Il nome di Selinunte deriva dal greco Sèlinon,
termine con cui veniva designato l'appio, sorta di prezzemolo selvatico
che, fiorito, emana un intenso profumo), che cresceva abbondante nella
zona e che compare anche sulle prime monete coniate dalla città.
Fondata da gente proveniente da Megara Hyblaea nel corso del VII sec.
a.C., Selinunte ha vita breve (circa 200 anni di splendore), ma intensa,
forse anche grazie all'azione di un governo accorto dei tiranni che vi
si sono succeduti. La prosperità della città è testimoniata
dall'ampia zona sacrale e pubblica che si estende in tre zone distinte.
Selinunte, alleata a lungo di Cartagine, dalla quale sperava
di ottenere appoggio per contrastare la rivale Segesta, viene infine distrutta
proprio dal cartaginese Annibale nel 409 a.C. che usa mezzi e misure ferocissimi:
sedicimila i morti selinuntini, cinquemila i prigioieri (Diodoro Siculo).

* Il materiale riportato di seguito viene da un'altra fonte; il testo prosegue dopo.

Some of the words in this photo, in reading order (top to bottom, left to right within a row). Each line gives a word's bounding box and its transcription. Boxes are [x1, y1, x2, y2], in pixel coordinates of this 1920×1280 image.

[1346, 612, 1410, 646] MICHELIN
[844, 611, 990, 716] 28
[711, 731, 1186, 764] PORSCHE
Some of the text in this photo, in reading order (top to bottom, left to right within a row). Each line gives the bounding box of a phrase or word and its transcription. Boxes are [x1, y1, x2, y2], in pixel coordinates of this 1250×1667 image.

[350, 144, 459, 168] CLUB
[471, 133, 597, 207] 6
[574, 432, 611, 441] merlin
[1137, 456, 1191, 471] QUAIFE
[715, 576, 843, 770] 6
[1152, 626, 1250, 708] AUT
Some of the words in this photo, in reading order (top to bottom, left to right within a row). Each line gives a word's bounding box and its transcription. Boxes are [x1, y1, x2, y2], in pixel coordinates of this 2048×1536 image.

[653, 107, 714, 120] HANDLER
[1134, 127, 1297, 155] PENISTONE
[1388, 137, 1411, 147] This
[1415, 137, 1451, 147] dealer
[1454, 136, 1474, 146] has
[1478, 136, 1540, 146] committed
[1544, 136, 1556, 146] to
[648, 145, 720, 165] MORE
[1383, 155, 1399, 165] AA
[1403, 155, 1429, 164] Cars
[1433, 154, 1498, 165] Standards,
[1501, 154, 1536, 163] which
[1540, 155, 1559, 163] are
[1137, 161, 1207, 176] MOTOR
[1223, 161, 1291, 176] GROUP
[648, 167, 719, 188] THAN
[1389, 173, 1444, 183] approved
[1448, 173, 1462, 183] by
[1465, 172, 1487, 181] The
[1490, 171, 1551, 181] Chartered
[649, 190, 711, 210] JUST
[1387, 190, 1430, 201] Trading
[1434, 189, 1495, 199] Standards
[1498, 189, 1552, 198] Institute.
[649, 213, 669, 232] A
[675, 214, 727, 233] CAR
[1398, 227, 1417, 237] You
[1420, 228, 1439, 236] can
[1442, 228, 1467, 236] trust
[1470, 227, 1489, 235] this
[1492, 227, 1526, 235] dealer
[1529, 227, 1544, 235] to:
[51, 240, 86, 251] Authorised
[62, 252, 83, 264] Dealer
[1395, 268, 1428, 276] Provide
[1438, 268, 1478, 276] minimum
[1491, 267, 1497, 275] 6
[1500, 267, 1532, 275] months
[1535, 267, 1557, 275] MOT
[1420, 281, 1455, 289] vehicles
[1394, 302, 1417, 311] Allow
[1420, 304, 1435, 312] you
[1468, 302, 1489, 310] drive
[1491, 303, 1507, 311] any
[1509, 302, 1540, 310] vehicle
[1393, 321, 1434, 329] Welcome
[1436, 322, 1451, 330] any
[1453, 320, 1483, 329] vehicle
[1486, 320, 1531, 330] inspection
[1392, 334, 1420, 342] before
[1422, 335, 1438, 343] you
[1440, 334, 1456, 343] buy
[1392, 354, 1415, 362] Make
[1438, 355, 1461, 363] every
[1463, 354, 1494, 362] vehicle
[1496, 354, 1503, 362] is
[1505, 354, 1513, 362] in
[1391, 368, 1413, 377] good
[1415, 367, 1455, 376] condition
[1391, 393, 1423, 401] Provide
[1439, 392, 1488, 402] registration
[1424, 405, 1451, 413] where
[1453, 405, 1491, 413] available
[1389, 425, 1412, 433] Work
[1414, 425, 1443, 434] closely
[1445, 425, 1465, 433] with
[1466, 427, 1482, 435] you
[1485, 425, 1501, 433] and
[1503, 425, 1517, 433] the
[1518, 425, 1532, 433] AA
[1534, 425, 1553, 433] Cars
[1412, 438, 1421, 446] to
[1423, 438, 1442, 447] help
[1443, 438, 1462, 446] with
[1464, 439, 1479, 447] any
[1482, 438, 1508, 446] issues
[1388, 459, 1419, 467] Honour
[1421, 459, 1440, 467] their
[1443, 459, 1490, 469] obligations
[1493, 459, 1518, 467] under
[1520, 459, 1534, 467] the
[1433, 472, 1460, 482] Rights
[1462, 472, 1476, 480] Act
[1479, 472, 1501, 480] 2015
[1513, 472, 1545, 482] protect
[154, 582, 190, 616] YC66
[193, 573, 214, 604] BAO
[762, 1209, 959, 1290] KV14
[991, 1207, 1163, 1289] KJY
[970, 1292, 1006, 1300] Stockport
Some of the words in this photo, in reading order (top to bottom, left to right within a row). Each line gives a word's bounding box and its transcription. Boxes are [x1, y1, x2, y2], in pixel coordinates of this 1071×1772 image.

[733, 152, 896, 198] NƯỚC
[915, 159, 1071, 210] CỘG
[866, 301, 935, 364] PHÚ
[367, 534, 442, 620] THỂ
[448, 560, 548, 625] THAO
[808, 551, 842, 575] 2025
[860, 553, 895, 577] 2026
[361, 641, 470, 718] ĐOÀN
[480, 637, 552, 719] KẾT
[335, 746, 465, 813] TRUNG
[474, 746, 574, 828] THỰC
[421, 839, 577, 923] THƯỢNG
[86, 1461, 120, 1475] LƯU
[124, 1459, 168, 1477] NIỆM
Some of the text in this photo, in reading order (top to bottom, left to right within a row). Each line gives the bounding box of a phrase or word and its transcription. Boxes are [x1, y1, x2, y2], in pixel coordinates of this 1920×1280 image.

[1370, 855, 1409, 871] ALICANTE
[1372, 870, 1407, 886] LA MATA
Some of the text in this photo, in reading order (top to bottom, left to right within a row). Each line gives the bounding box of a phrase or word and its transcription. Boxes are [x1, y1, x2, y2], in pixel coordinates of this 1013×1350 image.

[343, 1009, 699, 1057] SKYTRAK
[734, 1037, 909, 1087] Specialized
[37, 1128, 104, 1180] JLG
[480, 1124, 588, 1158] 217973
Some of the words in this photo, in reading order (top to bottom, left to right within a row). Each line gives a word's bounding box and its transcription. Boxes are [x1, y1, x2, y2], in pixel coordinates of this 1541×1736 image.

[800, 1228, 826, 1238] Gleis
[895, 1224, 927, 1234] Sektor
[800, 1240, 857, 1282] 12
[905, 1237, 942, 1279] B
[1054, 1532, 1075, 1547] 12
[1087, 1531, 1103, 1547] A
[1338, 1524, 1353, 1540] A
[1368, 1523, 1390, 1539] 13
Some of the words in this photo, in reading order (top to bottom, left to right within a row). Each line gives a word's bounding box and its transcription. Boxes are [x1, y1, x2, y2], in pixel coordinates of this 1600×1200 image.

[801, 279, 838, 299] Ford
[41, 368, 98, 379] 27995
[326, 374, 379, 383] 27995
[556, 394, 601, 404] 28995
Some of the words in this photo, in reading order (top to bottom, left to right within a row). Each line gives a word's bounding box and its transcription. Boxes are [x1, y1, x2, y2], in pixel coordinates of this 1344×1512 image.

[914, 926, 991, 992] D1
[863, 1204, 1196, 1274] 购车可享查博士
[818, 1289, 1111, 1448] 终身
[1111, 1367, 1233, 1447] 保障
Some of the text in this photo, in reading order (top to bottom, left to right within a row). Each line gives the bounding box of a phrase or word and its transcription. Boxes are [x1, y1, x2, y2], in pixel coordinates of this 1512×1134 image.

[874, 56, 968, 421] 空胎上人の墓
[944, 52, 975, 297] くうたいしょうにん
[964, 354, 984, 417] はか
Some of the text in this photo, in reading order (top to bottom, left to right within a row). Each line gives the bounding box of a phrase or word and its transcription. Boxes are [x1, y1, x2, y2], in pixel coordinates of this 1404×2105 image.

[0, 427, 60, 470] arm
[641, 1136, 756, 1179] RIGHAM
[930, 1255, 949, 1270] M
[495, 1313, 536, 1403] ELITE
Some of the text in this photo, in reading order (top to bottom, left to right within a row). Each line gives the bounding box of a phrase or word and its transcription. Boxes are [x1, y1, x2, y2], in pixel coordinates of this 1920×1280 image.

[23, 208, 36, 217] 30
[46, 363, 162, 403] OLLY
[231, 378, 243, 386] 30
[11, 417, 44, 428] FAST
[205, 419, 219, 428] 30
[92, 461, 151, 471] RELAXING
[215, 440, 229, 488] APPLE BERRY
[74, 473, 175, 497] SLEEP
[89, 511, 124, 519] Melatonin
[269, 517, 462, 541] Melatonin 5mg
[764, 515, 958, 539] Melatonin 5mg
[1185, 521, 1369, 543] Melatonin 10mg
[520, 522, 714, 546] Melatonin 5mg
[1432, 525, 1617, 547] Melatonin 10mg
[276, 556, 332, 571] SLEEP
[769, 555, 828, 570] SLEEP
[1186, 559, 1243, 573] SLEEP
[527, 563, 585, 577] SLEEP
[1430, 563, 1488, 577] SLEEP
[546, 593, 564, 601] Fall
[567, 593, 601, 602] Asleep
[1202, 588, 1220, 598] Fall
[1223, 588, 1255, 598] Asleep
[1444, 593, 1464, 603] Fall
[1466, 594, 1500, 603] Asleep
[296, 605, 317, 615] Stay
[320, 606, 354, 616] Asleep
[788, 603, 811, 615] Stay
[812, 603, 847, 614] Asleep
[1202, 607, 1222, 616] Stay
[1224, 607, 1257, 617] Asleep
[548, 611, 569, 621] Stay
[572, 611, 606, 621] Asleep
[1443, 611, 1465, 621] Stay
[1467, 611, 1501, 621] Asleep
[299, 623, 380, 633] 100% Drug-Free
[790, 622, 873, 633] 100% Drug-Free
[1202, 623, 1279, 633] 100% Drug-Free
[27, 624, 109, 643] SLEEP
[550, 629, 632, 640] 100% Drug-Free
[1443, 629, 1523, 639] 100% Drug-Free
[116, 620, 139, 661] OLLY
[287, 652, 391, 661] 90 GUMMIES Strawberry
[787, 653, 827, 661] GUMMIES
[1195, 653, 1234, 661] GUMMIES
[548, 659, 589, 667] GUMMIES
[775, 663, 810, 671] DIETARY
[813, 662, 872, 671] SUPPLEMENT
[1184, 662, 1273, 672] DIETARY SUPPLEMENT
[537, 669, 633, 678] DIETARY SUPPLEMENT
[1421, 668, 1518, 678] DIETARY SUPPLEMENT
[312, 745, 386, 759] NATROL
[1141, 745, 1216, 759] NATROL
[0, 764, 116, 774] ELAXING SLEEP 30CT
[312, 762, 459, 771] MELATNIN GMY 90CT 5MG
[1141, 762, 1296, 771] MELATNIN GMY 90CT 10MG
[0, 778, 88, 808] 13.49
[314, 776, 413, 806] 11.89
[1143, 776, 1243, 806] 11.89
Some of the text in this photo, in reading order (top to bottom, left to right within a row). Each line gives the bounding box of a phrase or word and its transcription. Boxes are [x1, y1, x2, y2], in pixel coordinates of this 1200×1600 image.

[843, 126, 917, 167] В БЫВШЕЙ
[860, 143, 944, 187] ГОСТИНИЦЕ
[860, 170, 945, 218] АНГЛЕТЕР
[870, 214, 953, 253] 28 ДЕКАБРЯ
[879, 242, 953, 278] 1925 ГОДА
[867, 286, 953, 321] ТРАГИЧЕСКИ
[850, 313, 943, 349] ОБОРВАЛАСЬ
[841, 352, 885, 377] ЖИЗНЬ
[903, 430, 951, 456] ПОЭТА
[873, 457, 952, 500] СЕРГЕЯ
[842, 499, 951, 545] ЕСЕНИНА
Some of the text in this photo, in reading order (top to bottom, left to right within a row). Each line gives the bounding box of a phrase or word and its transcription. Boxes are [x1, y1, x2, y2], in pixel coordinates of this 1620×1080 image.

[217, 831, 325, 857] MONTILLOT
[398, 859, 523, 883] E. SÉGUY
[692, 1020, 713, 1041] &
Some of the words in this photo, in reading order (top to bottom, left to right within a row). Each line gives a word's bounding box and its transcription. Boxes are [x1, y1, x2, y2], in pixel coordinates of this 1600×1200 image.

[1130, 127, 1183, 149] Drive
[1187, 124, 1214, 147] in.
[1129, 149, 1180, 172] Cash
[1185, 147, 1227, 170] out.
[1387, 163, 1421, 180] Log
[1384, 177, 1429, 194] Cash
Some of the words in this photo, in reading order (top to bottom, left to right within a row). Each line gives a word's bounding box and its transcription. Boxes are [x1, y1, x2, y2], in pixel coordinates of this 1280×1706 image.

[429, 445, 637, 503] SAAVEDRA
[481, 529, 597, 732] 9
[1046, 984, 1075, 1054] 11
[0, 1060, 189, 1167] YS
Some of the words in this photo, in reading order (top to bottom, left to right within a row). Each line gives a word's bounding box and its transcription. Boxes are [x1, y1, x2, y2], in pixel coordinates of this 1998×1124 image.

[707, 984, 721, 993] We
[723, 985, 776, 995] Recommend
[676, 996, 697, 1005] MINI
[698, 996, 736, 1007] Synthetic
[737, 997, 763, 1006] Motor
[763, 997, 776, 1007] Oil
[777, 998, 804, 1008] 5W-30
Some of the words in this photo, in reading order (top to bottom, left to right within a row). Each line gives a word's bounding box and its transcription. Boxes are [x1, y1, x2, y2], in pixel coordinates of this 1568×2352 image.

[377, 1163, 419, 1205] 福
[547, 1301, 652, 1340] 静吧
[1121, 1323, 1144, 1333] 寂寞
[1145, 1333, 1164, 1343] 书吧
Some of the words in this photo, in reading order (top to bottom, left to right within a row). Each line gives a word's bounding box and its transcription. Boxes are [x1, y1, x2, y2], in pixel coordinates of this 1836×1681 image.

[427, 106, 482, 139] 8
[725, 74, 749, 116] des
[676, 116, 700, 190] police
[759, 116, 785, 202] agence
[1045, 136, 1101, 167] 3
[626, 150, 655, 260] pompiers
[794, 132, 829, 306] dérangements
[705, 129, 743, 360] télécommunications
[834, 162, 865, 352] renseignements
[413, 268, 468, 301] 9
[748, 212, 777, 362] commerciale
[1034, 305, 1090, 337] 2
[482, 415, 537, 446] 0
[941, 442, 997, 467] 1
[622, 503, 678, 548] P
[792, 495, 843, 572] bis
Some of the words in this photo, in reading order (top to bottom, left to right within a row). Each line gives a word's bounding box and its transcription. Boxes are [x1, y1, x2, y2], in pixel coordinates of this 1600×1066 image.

Alla supplica dei superstiti di lasciarli liberi e di risparmiare i templi
della città dietro il pagamento di una forte somma, Annibale accetta,
ma una volta avuto il riscatto in mano, depreda i templi e distrugge le
mura.
Selinunte si rialza a fatica e a stento riesce a reggere
fino alla seconda guerra punica quando viene rasa al suolo.
Disseminati in una zona semi-desertica, dato che il luogo non è più stato abitato, i templi in rovina innalzano ancora al cielo le loro imponenti colonne, e gli edifici, ridotti ad un cumulo di pietre probabilmente a causa di un terremoto, creano un'impressione di estrema desolazione. Le belle metope che ornavano il fregio di alcuni sono esposte al Museo Archeologico di Palermo.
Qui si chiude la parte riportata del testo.